The downbeat mood has offset hopes that China's economy would enjoy a strong recovery in 2023 after moving away from its zero-Covid restrictions

New York (AFP) - Stock markets lost ground on Thursday after disappointing US data and corporate earnings rekindled worries about a global recession later this year.

Oil prices rallied slightly on indications that short-term crude demand would hold up in a relatively strong US labor market and as China reopens after dropping its zero-Covid policy.

But “US recession fears are still here, and they won’t be going away anytime soon,” said Edward Moya, an analyst at the brokerage OANDA.

Wall Street stocks slumped again Thursday as a Federal Reserve Vice Chair Lael Brainard pledged a tough line on inflation, saying the central bank would “stay the course” in its fight.

“Even with the recent moderation, inflation remains high, and policy will need to be sufficiently restrictive for some time,” she said in remarks for an event in Chicago.

Joshua Mahony, a senior analyst at online trading platform IG, said: “Stocks are on the slide once again, as fears of prolonged periods of high interest rates cast aside recent optimism on falling inflation.”

The recession fears dragged on equities, with the Dow losing 0.8 percent in New York, while main European indices showed losses of more than one percent at the close.

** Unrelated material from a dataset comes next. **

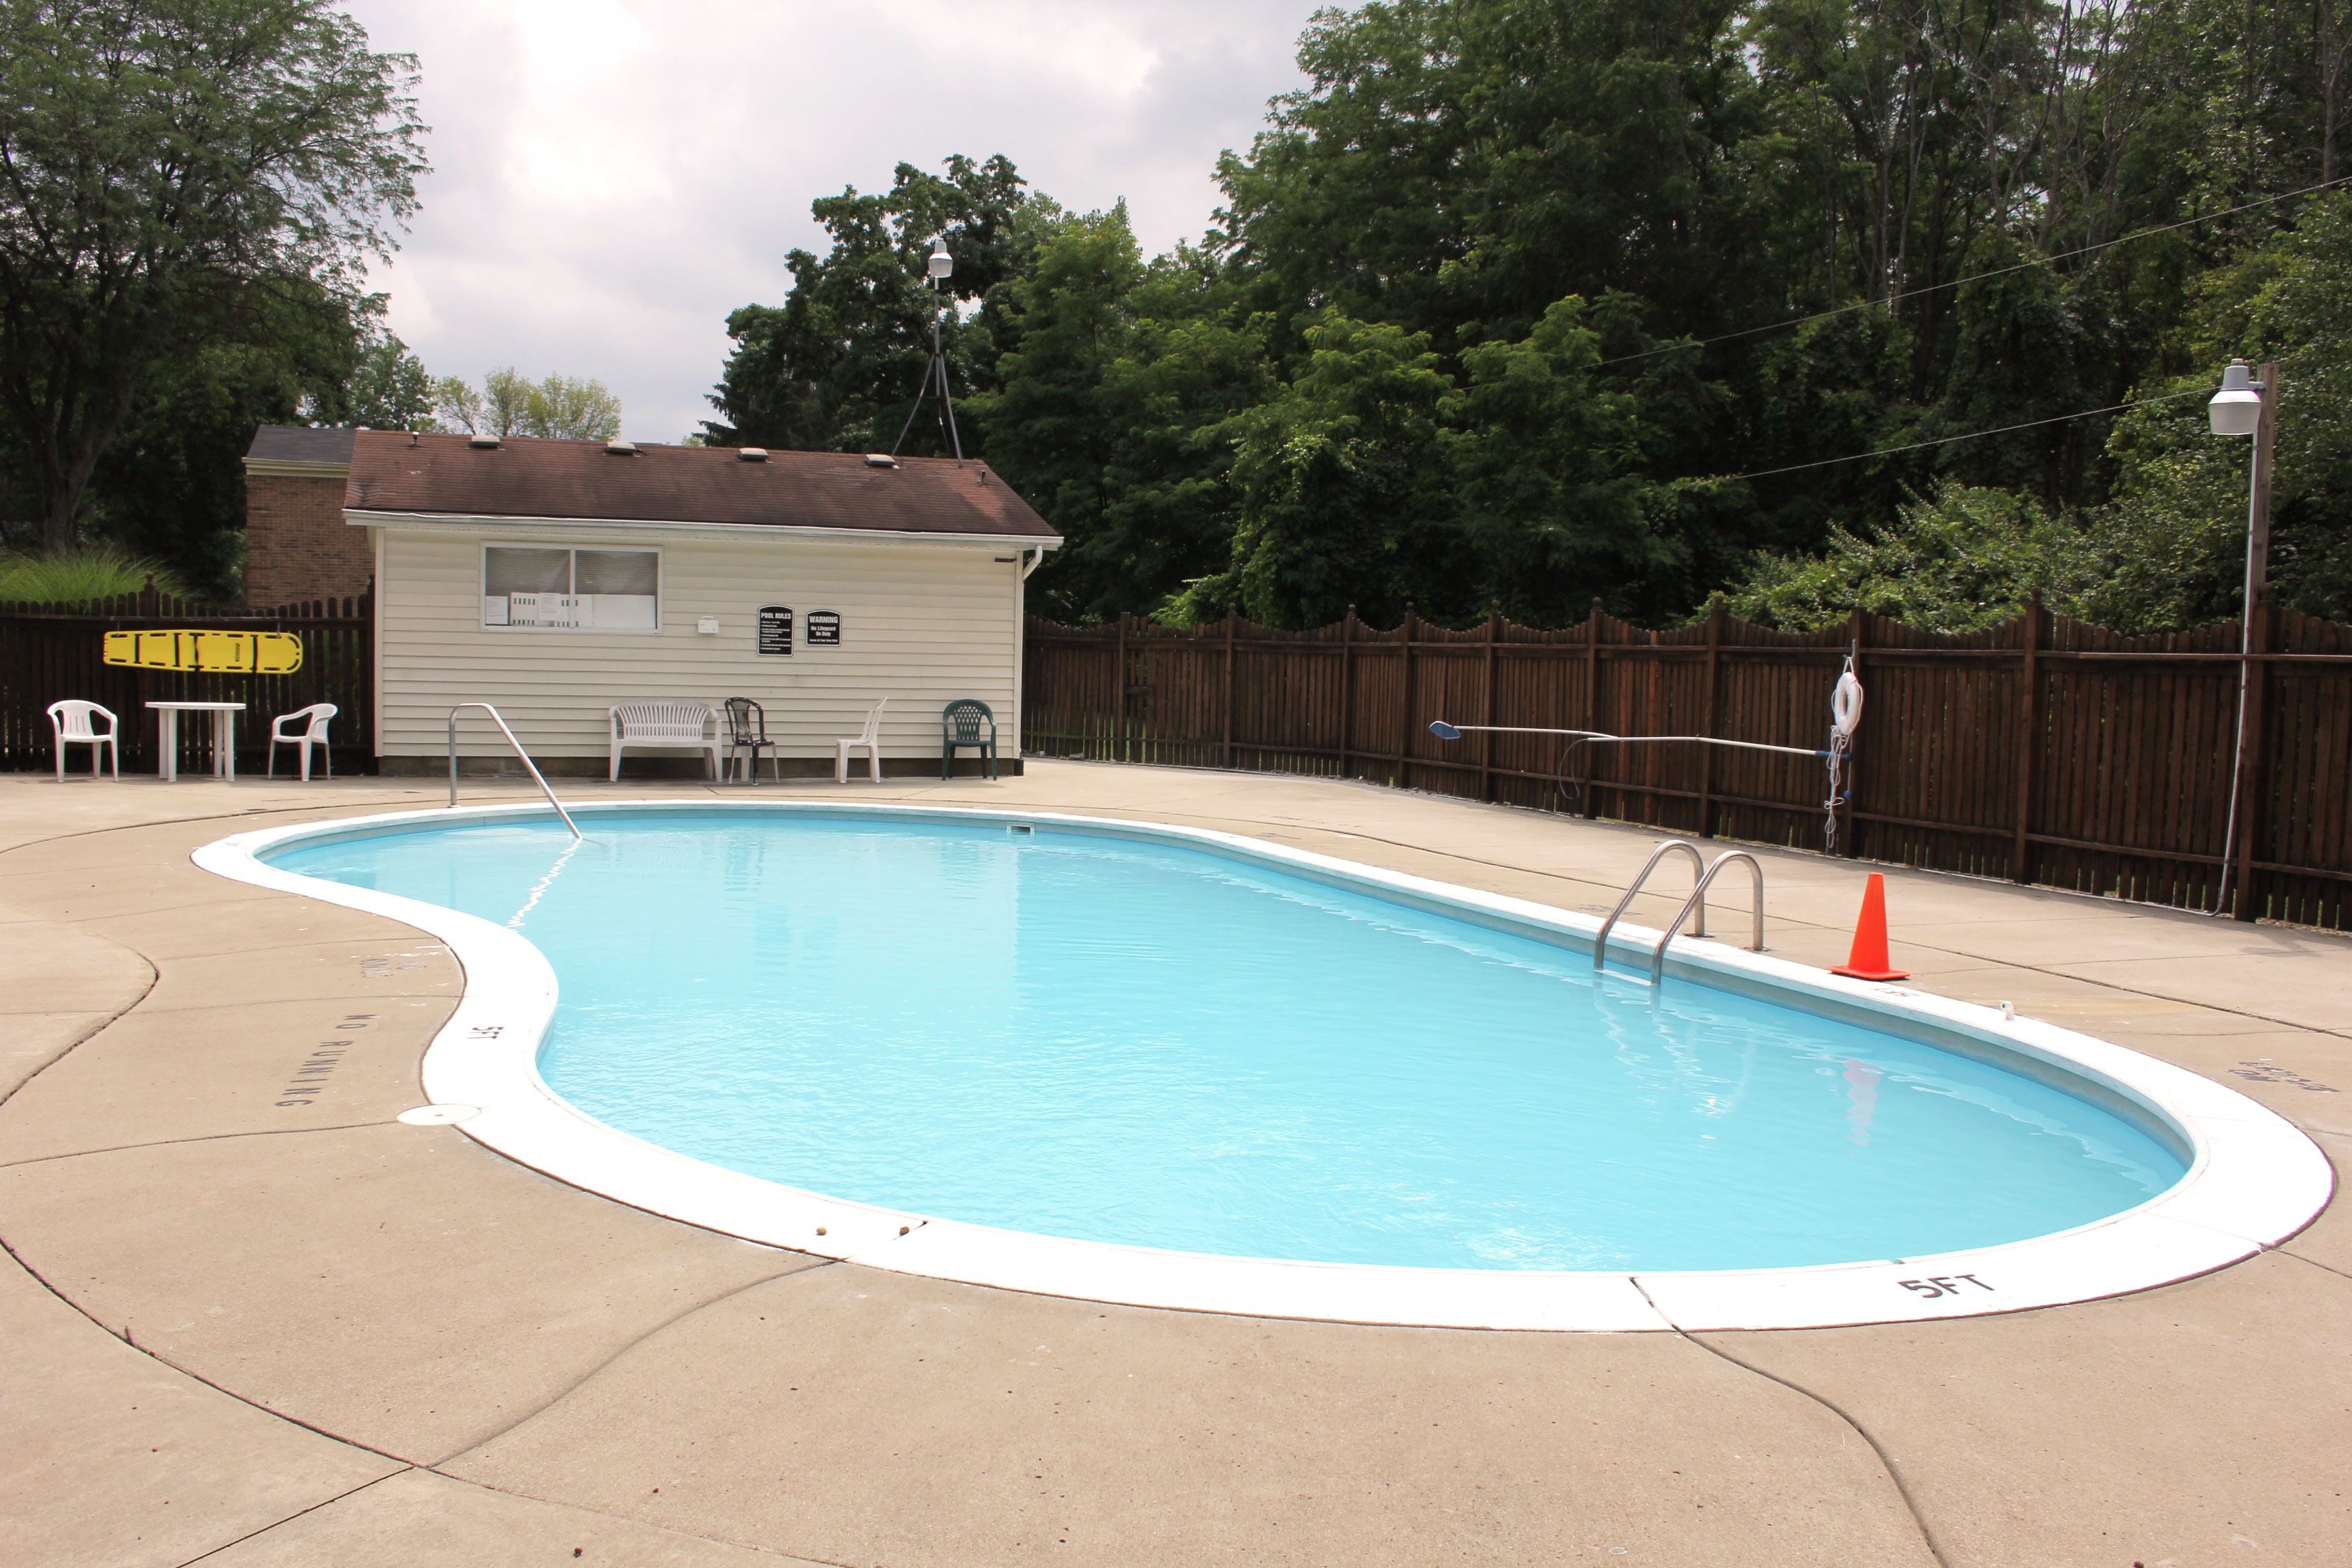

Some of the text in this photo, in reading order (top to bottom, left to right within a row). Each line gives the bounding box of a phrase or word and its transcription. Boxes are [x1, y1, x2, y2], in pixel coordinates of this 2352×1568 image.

[466, 1026, 504, 1040] 5FT
[274, 1014, 378, 1107] NO RUNNING
[1897, 1273, 1995, 1299] 5FT

“An overnight sell-off in the US has soured sentiment,” said AJ Bell’s investment director Russ Mould.

In Davos, European Central Bank chief Christine Lagarde insisted, however, that the eurozone economy would fare “a lot better” this year than initially feared.

The “news has become much more positive in the last few weeks,” Lagarde told an audience at the World Economic Forum.

Elsewhere, the New Zealand dollar and the country’s stock market dipped after Prime Minister Jacinda Ardern’s announcement that she would step down next month.

Expectations that US interest rates would not rise as much as previously feared weighed on the dollar but the yen recovered after Wednesday’s slump, triggered by a Bank of Japan decision not to tweak monetary policy.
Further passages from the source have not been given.